■ Work instruction ■
The reply should contain all of the data below, word for word.

■ Data extracted from a collection ■
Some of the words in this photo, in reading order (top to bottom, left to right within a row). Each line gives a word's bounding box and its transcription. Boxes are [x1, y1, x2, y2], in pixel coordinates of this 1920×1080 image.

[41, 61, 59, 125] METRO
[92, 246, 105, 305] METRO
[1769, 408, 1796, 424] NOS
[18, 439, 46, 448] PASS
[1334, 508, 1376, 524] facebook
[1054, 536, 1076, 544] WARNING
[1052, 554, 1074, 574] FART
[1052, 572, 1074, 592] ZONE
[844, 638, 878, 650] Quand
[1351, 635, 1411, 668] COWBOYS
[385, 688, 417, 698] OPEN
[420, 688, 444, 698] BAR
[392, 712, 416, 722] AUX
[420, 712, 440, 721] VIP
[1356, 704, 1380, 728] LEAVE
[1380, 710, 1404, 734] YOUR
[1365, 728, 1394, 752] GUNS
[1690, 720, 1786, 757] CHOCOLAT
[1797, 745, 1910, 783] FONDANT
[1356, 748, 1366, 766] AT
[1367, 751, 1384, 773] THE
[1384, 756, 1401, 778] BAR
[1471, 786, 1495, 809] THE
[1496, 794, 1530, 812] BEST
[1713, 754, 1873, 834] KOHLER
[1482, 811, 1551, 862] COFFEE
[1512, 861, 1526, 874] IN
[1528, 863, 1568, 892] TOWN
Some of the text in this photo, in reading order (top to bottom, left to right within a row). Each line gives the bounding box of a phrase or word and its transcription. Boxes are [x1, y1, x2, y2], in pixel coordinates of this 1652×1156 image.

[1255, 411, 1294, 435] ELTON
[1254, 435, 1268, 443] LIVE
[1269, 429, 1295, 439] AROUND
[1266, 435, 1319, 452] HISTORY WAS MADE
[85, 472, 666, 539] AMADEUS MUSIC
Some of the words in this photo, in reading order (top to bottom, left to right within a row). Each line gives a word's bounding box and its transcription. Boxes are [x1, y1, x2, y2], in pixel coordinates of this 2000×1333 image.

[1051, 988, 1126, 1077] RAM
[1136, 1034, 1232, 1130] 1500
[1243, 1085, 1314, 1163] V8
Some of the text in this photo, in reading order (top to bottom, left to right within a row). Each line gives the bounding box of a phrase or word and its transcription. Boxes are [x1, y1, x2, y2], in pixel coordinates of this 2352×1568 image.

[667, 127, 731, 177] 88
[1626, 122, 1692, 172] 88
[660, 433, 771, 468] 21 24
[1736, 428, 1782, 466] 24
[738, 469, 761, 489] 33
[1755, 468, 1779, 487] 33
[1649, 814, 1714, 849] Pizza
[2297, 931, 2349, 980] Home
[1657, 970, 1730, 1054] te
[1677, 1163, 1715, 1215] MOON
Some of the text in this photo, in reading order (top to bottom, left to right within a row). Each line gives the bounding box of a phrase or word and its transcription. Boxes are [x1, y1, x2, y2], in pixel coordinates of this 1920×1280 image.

■ Task response ■
Some of the words in this photo, in reading order (top to bottom, left to right within a row). Each line gives a word's bounding box and its transcription. Boxes are [x1, y1, x2, y2], in pixel coordinates of this 1920×1080 image.

[41, 61, 59, 125] METRO
[92, 246, 105, 305] METRO
[1769, 408, 1796, 424] NOS
[18, 439, 46, 448] PASS
[1334, 508, 1376, 524] facebook
[1054, 536, 1076, 544] WARNING
[1052, 554, 1074, 574] FART
[1052, 572, 1074, 592] ZONE
[844, 638, 878, 650] Quand
[1351, 635, 1411, 668] COWBOYS
[385, 688, 417, 698] OPEN
[420, 688, 444, 698] BAR
[392, 712, 416, 722] AUX
[420, 712, 440, 721] VIP
[1356, 704, 1380, 728] LEAVE
[1380, 710, 1404, 734] YOUR
[1365, 728, 1394, 752] GUNS
[1690, 720, 1786, 757] CHOCOLAT
[1797, 745, 1910, 783] FONDANT
[1356, 748, 1366, 766] AT
[1367, 751, 1384, 773] THE
[1384, 756, 1401, 778] BAR
[1471, 786, 1495, 809] THE
[1496, 794, 1530, 812] BEST
[1713, 754, 1873, 834] KOHLER
[1482, 811, 1551, 862] COFFEE
[1512, 861, 1526, 874] IN
[1528, 863, 1568, 892] TOWN
Some of the text in this photo, in reading order (top to bottom, left to right within a row). Each line gives the bounding box of a phrase or word and its transcription. Boxes are [x1, y1, x2, y2], in pixel coordinates of this 1652×1156 image.

[1255, 411, 1294, 435] ELTON
[1254, 435, 1268, 443] LIVE
[1269, 429, 1295, 439] AROUND
[1266, 435, 1319, 452] HISTORY WAS MADE
[85, 472, 666, 539] AMADEUS MUSIC
Some of the words in this photo, in reading order (top to bottom, left to right within a row). Each line gives a word's bounding box and its transcription. Boxes are [x1, y1, x2, y2], in pixel coordinates of this 2000×1333 image.

[1051, 988, 1126, 1077] RAM
[1136, 1034, 1232, 1130] 1500
[1243, 1085, 1314, 1163] V8
Some of the text in this photo, in reading order (top to bottom, left to right within a row). Each line gives the bounding box of a phrase or word and its transcription. Boxes are [x1, y1, x2, y2], in pixel coordinates of this 2352×1568 image.

[667, 127, 731, 177] 88
[1626, 122, 1692, 172] 88
[660, 433, 771, 468] 21 24
[1736, 428, 1782, 466] 24
[738, 469, 761, 489] 33
[1755, 468, 1779, 487] 33
[1649, 814, 1714, 849] Pizza
[2297, 931, 2349, 980] Home
[1657, 970, 1730, 1054] te
[1677, 1163, 1715, 1215] MOON
Some of the text in this photo, in reading order (top to bottom, left to right within a row). Each line gives the bounding box of a phrase or word and its transcription. Boxes are [x1, y1, x2, y2], in pixel coordinates of this 1920×1280 image.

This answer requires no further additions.